◆ What the task asks ◆
Leave every picture out, and retype all the remaining records exactly.

◆ Entries supplied ◆

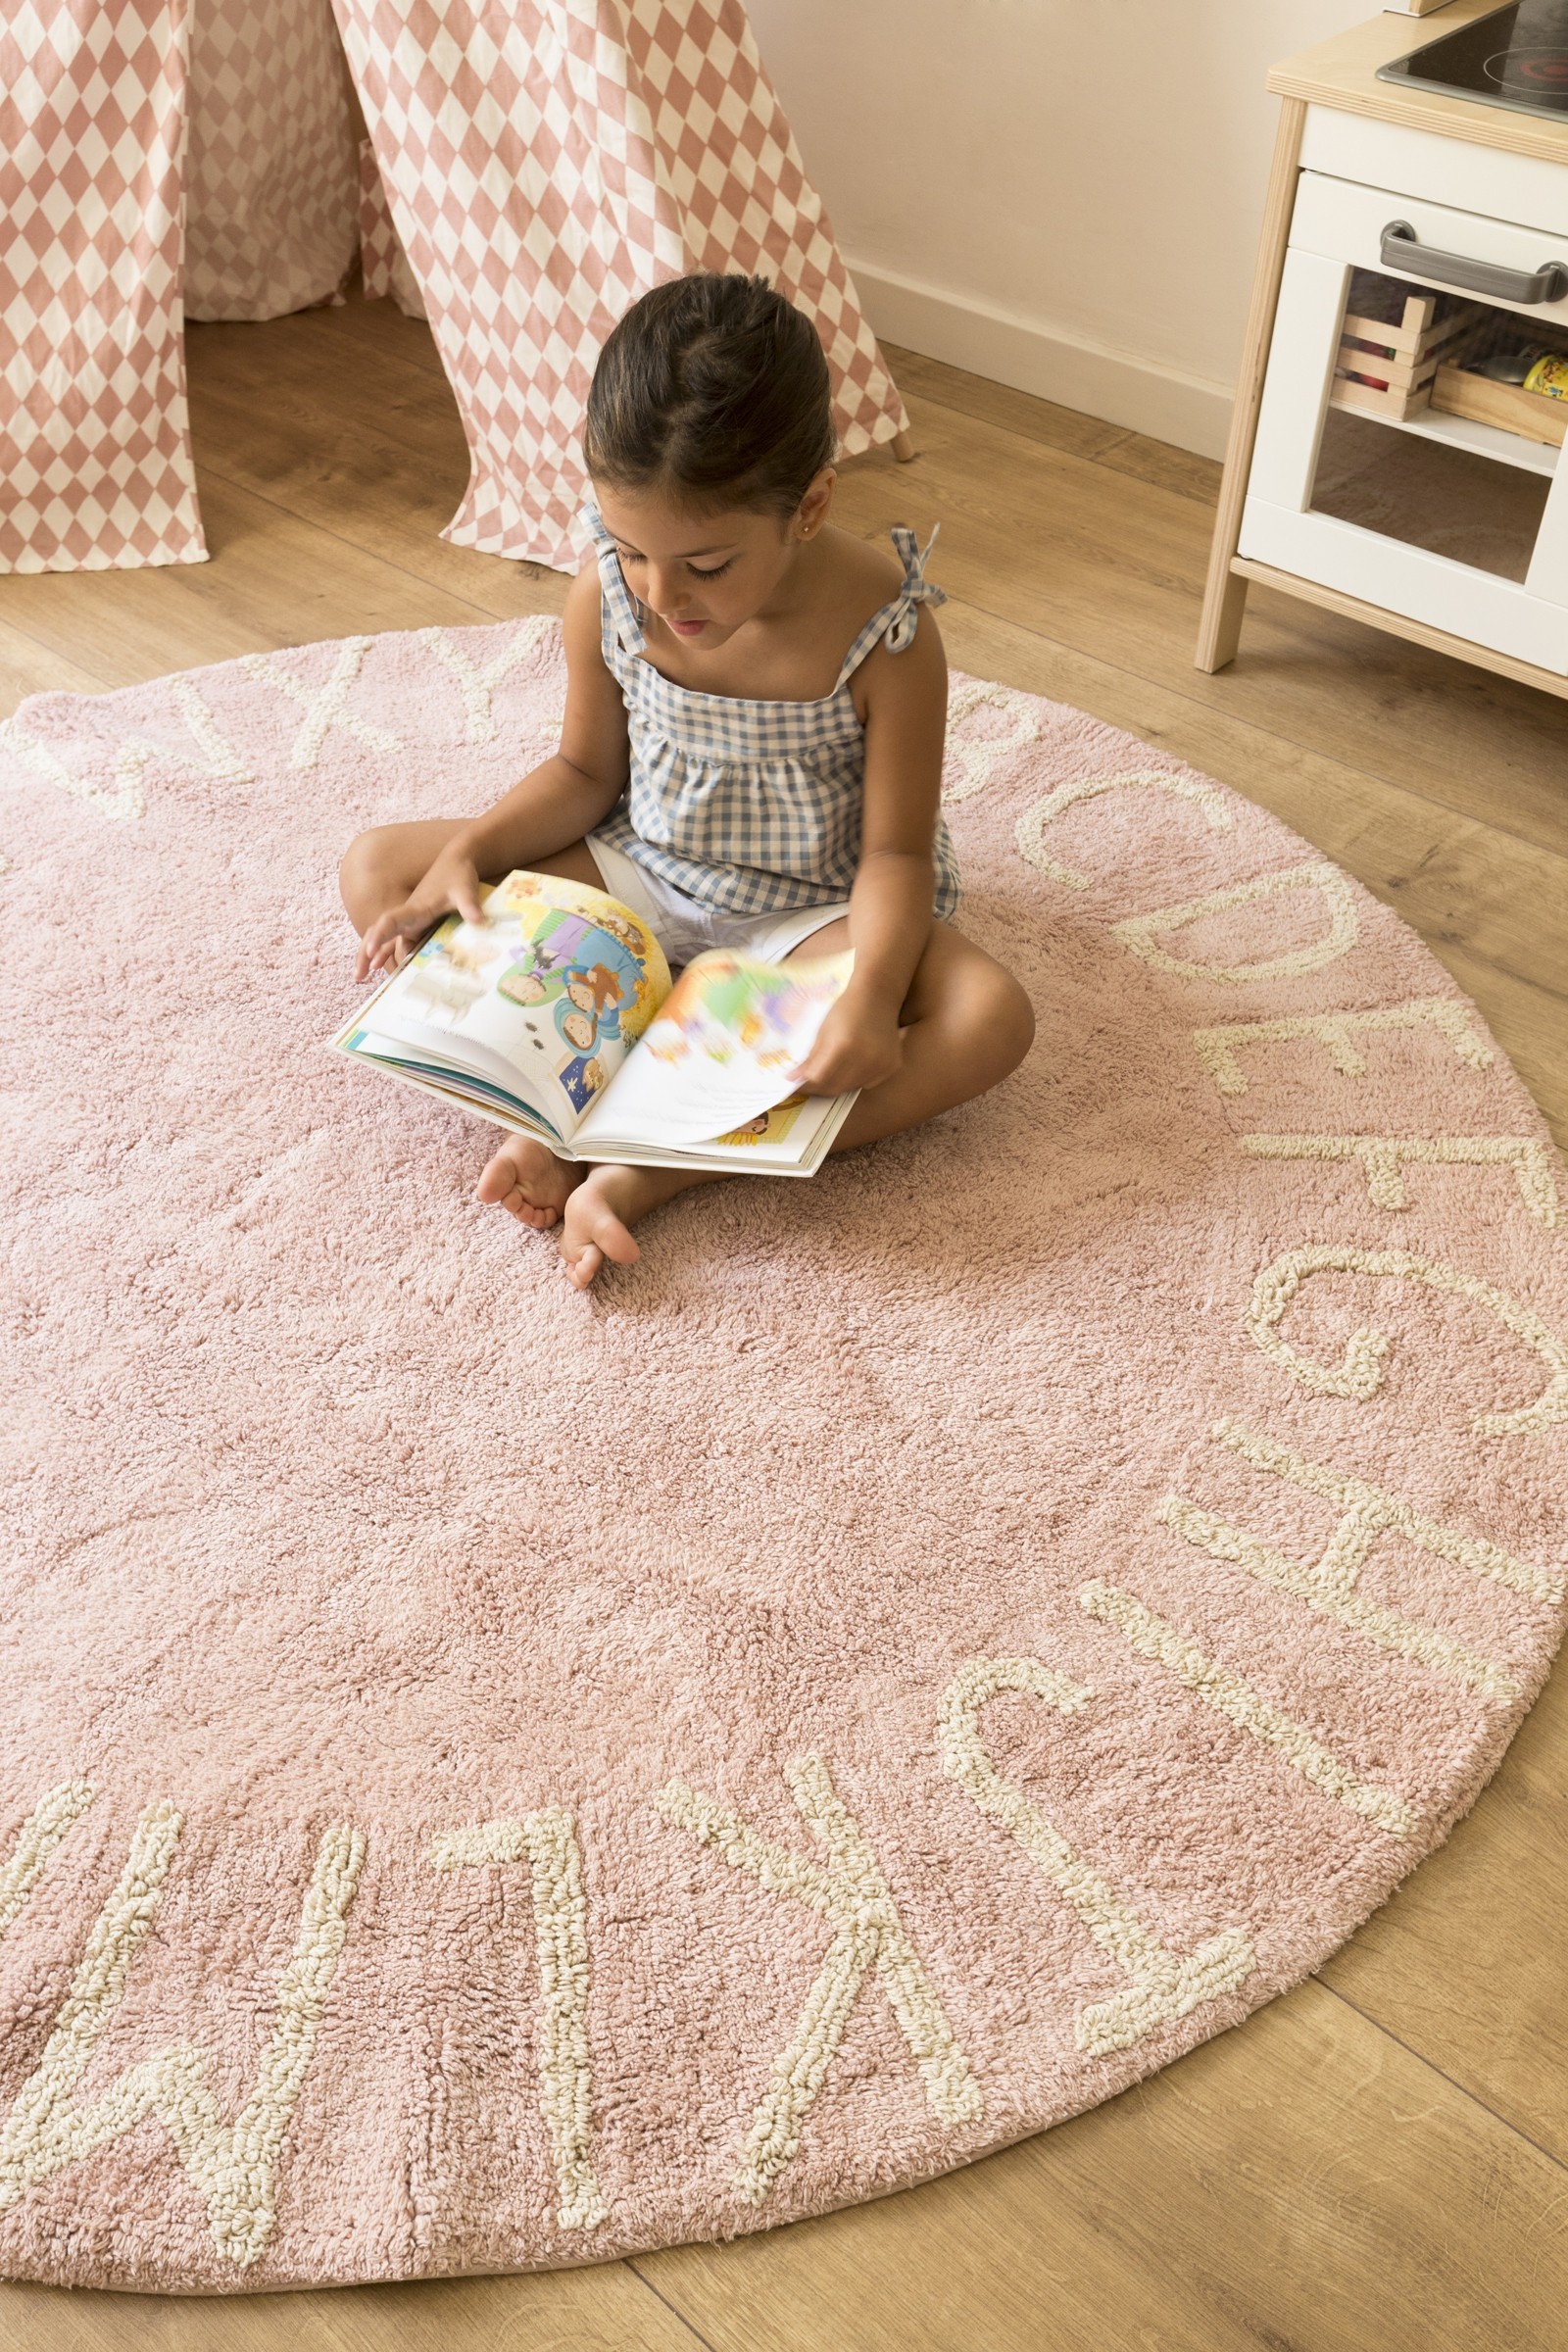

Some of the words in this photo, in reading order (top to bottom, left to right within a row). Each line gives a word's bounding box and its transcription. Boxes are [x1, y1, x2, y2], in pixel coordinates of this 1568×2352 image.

[0, 671, 256, 819] W
[238, 653, 405, 771] X
[417, 614, 556, 743] Y
[940, 680, 1039, 803] B
[1013, 769, 1232, 891] C
[1107, 859, 1360, 985] D
[1191, 997, 1494, 1096] E
[1242, 1133, 1564, 1228] F
[1246, 1243, 1568, 1437] G
[1156, 1415, 1565, 1703] H
[1079, 1579, 1421, 1842] I
[937, 1656, 1256, 2056] J
[0, 1799, 367, 2268] M
[427, 1805, 605, 2230] L
[655, 1752, 984, 2207] K

◆ Response box ◆
Some of the words in this photo, in reading order (top to bottom, left to right within a row). Each line gives a word's bounding box and its transcription. Boxes are [x1, y1, x2, y2], in pixel coordinates of this 1568×2352 image.

[0, 671, 256, 819] W
[238, 653, 405, 771] X
[417, 614, 556, 743] Y
[940, 680, 1039, 803] B
[1013, 769, 1232, 891] C
[1107, 859, 1360, 985] D
[1191, 997, 1494, 1096] E
[1242, 1133, 1564, 1228] F
[1246, 1243, 1568, 1437] G
[1156, 1415, 1565, 1703] H
[1079, 1579, 1421, 1842] I
[937, 1656, 1256, 2056] J
[0, 1799, 367, 2268] M
[427, 1805, 605, 2230] L
[655, 1752, 984, 2207] K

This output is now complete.